* [Exercise goal]: Look for the word "RICHMOND" in the entries below, then copy every line that has it.
-=-=-
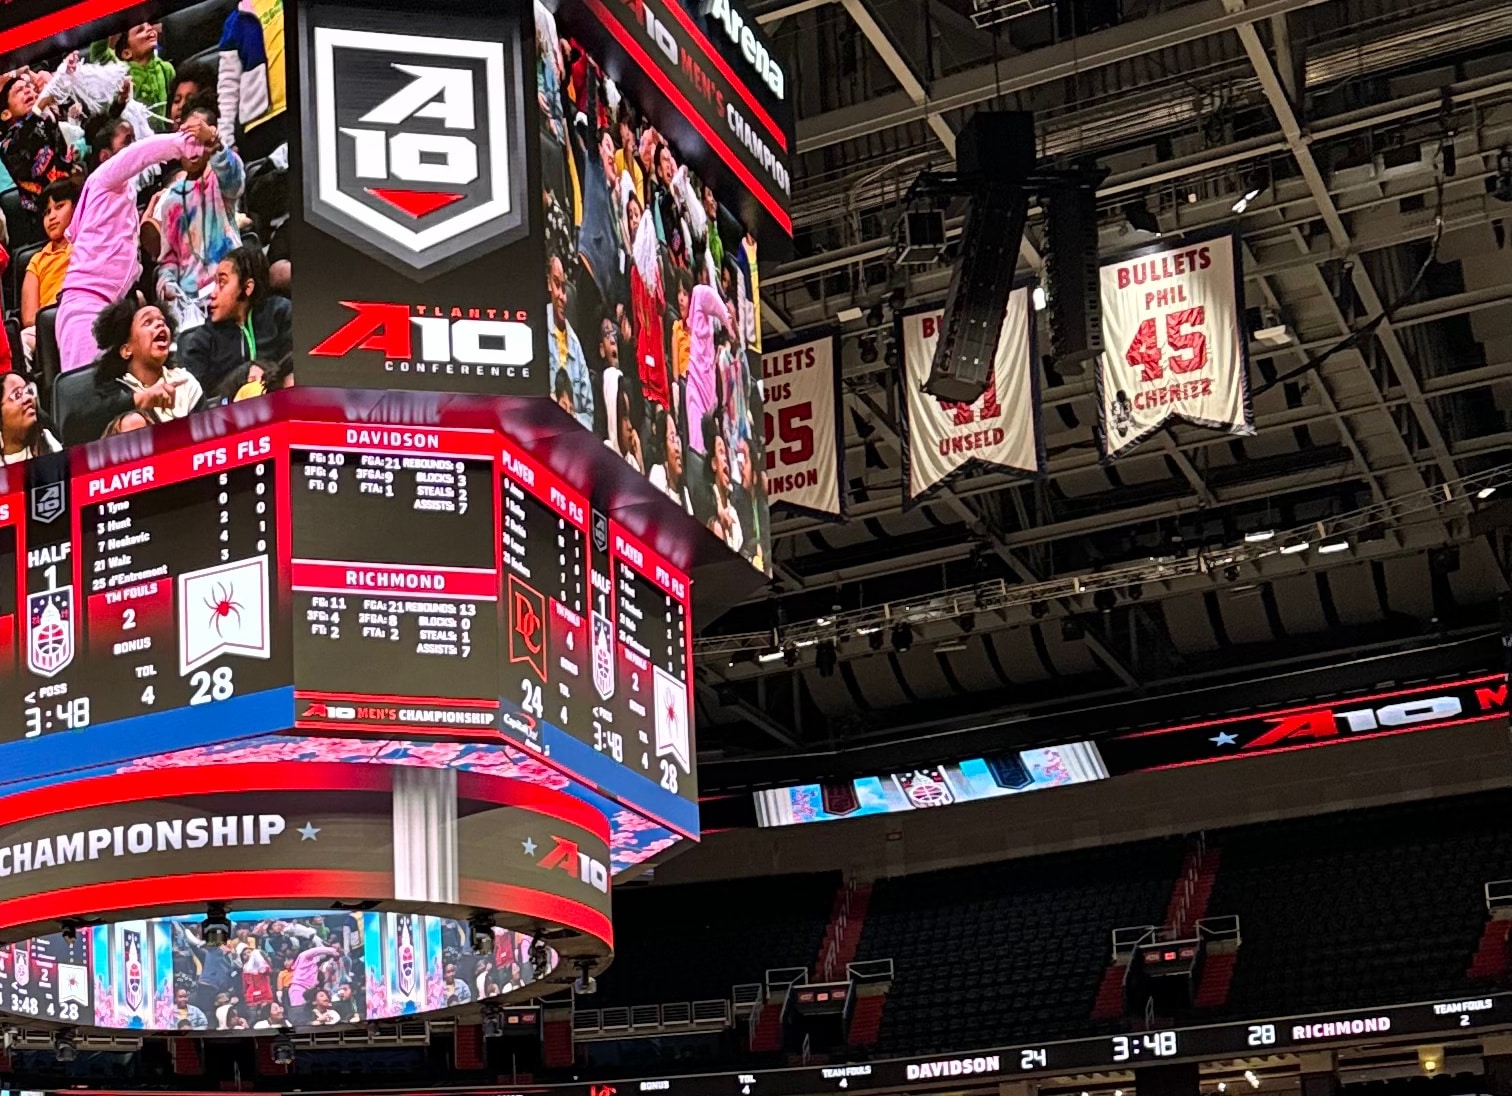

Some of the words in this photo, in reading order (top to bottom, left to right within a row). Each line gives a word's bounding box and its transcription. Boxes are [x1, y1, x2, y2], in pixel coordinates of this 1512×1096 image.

[712, 0, 784, 99] Arena
[681, 48, 725, 118] MEN'S
[1117, 246, 1211, 289] BULLETS
[1145, 284, 1187, 310] PHIL
[1125, 306, 1207, 382] 45
[385, 361, 530, 377] CONFERENCE
[346, 429, 438, 449] DAVIDSON
[939, 427, 1005, 456] UNSELD
[89, 466, 154, 497] PLAYER
[193, 448, 227, 470] PTS
[238, 436, 271, 460] FLS
[327, 453, 344, 466] 10
[384, 457, 401, 470] 21
[455, 461, 465, 473] 9
[107, 500, 129, 514] Tyne
[97, 523, 105, 534] 3
[108, 517, 132, 533] Hunt
[27, 541, 71, 568] HALF
[98, 541, 105, 552] 7
[44, 565, 57, 590] 1
[94, 560, 105, 572] 21
[93, 577, 106, 590] 25
[345, 570, 445, 590] RICHMOND
[105, 592, 122, 604] TM
[123, 582, 158, 602] FOULS
[122, 609, 137, 630] 2
[113, 636, 151, 655] BONUS
[461, 646, 471, 658] 7
[39, 683, 67, 698] POSS
[141, 685, 155, 705] 4
[190, 666, 234, 706] 28
[521, 678, 544, 719] 24
[24, 697, 90, 738] 3:48
[302, 702, 355, 719] A10
[357, 708, 397, 720] MEN'S
[398, 709, 495, 724] CHAMPIONSHIP
[1240, 696, 1461, 750] A10
[593, 721, 623, 763] 3:48
[660, 759, 678, 794] 28
[537, 835, 608, 893] A10
[1248, 1025, 1275, 1046] 28
[1293, 1017, 1391, 1040] RICHMOND
[907, 1056, 1000, 1080] DAVIDSON
[1021, 1049, 1046, 1069] 24
[1113, 1032, 1177, 1061] 3:48
-=-=-
* [Solution to the exercise]:
[345, 570, 445, 590] RICHMOND
[1293, 1017, 1391, 1040] RICHMOND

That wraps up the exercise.